- Data section -
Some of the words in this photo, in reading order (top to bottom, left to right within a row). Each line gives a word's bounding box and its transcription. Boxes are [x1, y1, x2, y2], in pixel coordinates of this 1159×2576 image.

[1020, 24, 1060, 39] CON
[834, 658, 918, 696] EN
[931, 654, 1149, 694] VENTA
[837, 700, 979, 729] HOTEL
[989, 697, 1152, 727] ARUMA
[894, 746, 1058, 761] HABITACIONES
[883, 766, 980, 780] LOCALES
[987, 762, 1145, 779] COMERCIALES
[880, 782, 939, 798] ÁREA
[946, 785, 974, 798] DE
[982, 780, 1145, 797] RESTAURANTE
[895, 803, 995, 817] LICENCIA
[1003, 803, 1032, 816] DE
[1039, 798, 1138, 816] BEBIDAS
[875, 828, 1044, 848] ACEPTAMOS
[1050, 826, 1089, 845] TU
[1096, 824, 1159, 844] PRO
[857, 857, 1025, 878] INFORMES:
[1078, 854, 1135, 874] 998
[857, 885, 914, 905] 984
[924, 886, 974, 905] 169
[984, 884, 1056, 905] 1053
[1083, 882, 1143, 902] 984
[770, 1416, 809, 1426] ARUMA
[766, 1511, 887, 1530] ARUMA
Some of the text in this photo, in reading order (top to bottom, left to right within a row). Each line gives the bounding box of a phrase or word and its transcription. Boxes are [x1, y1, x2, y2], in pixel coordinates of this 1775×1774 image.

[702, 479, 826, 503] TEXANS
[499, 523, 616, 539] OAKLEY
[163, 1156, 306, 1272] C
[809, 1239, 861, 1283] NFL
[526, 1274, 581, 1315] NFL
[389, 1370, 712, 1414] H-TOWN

- Work task -
Return the material above in full, exactly as written.

- Solution below -
Some of the words in this photo, in reading order (top to bottom, left to right within a row). Each line gives a word's bounding box and its transcription. Boxes are [x1, y1, x2, y2], in pixel coordinates of this 1159×2576 image.

[1020, 24, 1060, 39] CON
[834, 658, 918, 696] EN
[931, 654, 1149, 694] VENTA
[837, 700, 979, 729] HOTEL
[989, 697, 1152, 727] ARUMA
[894, 746, 1058, 761] HABITACIONES
[883, 766, 980, 780] LOCALES
[987, 762, 1145, 779] COMERCIALES
[880, 782, 939, 798] ÁREA
[946, 785, 974, 798] DE
[982, 780, 1145, 797] RESTAURANTE
[895, 803, 995, 817] LICENCIA
[1003, 803, 1032, 816] DE
[1039, 798, 1138, 816] BEBIDAS
[875, 828, 1044, 848] ACEPTAMOS
[1050, 826, 1089, 845] TU
[1096, 824, 1159, 844] PRO
[857, 857, 1025, 878] INFORMES:
[1078, 854, 1135, 874] 998
[857, 885, 914, 905] 984
[924, 886, 974, 905] 169
[984, 884, 1056, 905] 1053
[1083, 882, 1143, 902] 984
[770, 1416, 809, 1426] ARUMA
[766, 1511, 887, 1530] ARUMA
Some of the text in this photo, in reading order (top to bottom, left to right within a row). Each line gives the bounding box of a phrase or word and its transcription. Boxes are [x1, y1, x2, y2], in pixel coordinates of this 1775×1774 image.

[702, 479, 826, 503] TEXANS
[499, 523, 616, 539] OAKLEY
[163, 1156, 306, 1272] C
[809, 1239, 861, 1283] NFL
[526, 1274, 581, 1315] NFL
[389, 1370, 712, 1414] H-TOWN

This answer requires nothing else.